[How to complete this task] Return the line containing "this 1280×960 image." and every line after it through the end of the entries below, with no other lines.

-- Provided information follows --

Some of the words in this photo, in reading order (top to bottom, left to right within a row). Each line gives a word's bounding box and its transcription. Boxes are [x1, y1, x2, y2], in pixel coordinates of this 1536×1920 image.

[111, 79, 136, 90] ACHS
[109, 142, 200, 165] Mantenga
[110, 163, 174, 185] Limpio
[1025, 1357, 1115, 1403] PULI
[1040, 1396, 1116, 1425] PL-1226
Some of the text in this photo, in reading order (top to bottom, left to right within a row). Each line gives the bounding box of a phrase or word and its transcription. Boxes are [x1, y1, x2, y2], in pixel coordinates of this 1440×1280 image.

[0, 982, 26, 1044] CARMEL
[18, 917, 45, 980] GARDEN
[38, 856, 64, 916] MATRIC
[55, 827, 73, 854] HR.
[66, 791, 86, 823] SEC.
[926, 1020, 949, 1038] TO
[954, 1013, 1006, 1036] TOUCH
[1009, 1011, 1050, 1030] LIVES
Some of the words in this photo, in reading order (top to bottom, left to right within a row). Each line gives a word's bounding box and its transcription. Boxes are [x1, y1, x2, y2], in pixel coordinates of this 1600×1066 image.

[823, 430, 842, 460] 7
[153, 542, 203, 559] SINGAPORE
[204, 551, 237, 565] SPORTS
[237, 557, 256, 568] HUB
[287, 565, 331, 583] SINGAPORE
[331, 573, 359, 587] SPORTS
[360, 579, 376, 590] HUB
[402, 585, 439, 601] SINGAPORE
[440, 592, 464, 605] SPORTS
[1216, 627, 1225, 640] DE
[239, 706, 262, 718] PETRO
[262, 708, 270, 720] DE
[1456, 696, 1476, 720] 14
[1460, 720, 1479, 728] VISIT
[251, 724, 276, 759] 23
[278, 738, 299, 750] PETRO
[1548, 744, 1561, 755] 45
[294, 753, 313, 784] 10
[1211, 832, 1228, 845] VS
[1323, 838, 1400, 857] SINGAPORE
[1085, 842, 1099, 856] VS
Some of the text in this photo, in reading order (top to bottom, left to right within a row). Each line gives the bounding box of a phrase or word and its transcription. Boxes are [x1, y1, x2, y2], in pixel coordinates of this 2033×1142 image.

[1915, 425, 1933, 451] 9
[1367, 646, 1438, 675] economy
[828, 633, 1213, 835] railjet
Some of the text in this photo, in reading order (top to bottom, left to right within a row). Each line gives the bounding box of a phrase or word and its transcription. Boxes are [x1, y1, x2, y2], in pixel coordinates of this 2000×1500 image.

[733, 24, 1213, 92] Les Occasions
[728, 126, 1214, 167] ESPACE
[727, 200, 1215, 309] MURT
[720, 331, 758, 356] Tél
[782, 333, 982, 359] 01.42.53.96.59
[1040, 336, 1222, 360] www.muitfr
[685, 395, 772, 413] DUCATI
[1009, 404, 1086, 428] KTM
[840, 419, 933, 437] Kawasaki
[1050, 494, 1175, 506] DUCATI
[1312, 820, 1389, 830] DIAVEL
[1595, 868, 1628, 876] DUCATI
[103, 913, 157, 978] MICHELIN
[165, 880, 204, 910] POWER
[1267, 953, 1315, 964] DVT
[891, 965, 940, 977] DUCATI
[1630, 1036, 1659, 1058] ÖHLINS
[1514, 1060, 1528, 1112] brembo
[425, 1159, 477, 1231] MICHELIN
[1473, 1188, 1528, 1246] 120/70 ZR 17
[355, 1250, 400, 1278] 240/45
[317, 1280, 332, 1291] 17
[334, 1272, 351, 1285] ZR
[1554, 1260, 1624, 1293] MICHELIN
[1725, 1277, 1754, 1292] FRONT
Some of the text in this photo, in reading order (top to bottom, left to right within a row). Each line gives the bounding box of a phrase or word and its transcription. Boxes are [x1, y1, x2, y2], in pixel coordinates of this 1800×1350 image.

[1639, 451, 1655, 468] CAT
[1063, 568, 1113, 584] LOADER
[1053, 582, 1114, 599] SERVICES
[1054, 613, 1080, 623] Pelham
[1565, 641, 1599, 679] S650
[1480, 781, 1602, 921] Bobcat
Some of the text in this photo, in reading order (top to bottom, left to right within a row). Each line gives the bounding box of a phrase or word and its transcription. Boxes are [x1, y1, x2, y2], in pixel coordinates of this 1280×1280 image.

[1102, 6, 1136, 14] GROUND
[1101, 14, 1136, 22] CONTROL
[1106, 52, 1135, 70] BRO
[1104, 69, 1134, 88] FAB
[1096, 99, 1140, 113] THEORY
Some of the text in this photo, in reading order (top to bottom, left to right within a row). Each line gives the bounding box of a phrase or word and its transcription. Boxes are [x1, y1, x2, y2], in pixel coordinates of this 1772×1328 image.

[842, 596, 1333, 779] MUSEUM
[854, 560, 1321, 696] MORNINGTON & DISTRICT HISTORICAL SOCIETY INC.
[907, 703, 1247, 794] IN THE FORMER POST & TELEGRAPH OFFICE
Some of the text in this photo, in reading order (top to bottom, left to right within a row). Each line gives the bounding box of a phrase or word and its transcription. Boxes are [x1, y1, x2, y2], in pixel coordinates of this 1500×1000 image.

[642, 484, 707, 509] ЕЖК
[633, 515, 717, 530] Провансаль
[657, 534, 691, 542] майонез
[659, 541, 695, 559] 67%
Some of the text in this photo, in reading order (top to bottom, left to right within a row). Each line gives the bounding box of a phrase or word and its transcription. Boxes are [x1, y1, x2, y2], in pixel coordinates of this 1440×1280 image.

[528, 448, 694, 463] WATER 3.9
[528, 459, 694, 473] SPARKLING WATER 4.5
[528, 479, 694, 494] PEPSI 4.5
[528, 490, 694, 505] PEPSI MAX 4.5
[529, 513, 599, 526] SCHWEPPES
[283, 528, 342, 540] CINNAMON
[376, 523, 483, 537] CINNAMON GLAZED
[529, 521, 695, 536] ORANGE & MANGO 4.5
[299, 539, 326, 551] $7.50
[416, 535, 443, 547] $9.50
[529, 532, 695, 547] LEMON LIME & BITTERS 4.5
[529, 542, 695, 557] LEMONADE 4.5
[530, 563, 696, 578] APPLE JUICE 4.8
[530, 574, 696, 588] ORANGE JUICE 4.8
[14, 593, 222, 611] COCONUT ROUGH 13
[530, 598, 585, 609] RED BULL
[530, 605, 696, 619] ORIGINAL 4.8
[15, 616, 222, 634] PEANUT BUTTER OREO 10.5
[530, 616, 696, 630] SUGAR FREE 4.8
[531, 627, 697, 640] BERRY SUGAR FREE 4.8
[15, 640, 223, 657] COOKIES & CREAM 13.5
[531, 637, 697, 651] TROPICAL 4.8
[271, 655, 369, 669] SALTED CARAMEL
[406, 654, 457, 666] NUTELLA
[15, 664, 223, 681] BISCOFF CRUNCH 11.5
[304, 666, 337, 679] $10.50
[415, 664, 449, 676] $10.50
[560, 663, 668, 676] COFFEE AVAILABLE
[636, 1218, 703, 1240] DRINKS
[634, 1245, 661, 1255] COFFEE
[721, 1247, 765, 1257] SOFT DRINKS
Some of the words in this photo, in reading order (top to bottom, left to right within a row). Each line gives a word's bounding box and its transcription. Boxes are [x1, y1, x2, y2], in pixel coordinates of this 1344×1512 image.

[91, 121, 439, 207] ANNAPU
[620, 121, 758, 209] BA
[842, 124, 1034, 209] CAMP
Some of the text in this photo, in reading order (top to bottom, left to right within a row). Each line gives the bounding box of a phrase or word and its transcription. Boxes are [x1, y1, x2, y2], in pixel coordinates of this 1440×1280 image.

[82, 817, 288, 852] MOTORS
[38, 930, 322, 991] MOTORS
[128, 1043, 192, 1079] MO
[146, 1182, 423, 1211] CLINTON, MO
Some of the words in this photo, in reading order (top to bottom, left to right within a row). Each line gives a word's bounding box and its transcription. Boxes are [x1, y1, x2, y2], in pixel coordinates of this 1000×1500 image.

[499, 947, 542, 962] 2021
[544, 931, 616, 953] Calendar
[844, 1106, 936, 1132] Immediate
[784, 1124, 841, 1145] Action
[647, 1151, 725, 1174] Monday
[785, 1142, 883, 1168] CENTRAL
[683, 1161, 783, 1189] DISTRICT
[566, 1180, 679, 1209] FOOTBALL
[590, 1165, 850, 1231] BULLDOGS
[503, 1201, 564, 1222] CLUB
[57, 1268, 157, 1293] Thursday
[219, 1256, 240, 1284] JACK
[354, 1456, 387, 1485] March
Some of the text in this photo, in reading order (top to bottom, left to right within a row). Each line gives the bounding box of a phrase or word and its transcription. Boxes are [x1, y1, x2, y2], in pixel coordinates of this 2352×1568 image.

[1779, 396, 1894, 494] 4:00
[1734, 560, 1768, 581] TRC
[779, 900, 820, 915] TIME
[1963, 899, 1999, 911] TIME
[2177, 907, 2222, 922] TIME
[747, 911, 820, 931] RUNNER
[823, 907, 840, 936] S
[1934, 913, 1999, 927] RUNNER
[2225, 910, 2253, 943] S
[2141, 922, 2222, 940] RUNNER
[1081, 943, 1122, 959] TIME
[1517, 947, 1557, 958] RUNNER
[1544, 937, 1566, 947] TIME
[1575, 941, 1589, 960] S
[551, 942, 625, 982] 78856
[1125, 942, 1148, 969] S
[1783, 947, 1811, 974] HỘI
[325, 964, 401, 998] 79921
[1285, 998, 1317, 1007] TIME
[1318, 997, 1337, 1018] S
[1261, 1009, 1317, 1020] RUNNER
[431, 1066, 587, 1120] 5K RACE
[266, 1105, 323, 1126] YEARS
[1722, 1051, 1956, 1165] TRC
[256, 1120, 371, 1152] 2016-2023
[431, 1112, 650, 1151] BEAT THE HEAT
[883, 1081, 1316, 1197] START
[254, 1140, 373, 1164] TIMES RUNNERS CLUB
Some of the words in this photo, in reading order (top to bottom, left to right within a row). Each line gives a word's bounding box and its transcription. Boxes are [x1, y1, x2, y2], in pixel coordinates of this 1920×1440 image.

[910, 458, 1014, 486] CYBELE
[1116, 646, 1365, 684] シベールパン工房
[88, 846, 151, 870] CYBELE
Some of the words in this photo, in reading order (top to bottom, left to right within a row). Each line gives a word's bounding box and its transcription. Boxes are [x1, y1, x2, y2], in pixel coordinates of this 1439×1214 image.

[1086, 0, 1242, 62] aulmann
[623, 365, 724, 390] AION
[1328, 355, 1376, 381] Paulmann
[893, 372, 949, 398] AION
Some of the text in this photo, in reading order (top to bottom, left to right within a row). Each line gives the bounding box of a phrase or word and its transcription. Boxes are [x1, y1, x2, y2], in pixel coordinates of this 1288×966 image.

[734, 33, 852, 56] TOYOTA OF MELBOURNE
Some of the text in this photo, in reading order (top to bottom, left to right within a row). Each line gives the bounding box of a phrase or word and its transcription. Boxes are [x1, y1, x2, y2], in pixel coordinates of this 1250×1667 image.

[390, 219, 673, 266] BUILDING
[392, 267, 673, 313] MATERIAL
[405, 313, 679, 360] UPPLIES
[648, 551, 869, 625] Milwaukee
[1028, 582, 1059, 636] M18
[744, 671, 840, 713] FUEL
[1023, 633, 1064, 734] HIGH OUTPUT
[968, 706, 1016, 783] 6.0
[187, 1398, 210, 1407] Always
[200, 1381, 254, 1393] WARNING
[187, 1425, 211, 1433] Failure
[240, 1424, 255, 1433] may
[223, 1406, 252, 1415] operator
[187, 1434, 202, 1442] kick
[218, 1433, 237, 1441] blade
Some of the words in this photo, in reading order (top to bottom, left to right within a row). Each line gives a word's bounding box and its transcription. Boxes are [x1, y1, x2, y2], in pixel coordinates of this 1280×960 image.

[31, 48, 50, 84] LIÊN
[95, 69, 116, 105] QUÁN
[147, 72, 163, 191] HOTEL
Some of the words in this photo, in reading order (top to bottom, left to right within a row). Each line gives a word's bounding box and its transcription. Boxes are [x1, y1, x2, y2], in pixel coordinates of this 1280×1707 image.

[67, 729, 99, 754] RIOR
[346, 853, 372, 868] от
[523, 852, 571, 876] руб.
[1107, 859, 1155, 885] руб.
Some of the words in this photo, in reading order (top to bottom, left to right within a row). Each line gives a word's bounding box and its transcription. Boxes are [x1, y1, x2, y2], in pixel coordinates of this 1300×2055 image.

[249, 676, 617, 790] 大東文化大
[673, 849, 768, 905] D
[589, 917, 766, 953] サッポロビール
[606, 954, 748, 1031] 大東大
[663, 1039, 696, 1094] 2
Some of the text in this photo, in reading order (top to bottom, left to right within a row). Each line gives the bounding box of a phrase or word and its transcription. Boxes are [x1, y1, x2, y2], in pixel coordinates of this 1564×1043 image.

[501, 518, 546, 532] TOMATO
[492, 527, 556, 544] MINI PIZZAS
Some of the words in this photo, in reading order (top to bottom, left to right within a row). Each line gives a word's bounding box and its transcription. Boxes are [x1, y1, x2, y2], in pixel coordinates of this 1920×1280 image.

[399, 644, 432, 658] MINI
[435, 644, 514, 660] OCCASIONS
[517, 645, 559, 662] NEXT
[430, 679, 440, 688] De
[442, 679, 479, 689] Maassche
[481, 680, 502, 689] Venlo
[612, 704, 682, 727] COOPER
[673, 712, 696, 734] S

-- Provided information concluded --

[Expected answer]
Some of the words in this photo, in reading order (top to bottom, left to right within a row). Each line gives a word's bounding box and its transcription. Boxes are [x1, y1, x2, y2], in pixel coordinates of this 1280×960 image.

[31, 48, 50, 84] LIÊN
[95, 69, 116, 105] QUÁN
[147, 72, 163, 191] HOTEL
Some of the words in this photo, in reading order (top to bottom, left to right within a row). Each line gives a word's bounding box and its transcription. Boxes are [x1, y1, x2, y2], in pixel coordinates of this 1280×1707 image.

[67, 729, 99, 754] RIOR
[346, 853, 372, 868] от
[523, 852, 571, 876] руб.
[1107, 859, 1155, 885] руб.
Some of the words in this photo, in reading order (top to bottom, left to right within a row). Each line gives a word's bounding box and its transcription. Boxes are [x1, y1, x2, y2], in pixel coordinates of this 1300×2055 image.

[249, 676, 617, 790] 大東文化大
[673, 849, 768, 905] D
[589, 917, 766, 953] サッポロビール
[606, 954, 748, 1031] 大東大
[663, 1039, 696, 1094] 2
Some of the text in this photo, in reading order (top to bottom, left to right within a row). Each line gives the bounding box of a phrase or word and its transcription. Boxes are [x1, y1, x2, y2], in pixel coordinates of this 1564×1043 image.

[501, 518, 546, 532] TOMATO
[492, 527, 556, 544] MINI PIZZAS
Some of the words in this photo, in reading order (top to bottom, left to right within a row). Each line gives a word's bounding box and its transcription. Boxes are [x1, y1, x2, y2], in pixel coordinates of this 1920×1280 image.

[399, 644, 432, 658] MINI
[435, 644, 514, 660] OCCASIONS
[517, 645, 559, 662] NEXT
[430, 679, 440, 688] De
[442, 679, 479, 689] Maassche
[481, 680, 502, 689] Venlo
[612, 704, 682, 727] COOPER
[673, 712, 696, 734] S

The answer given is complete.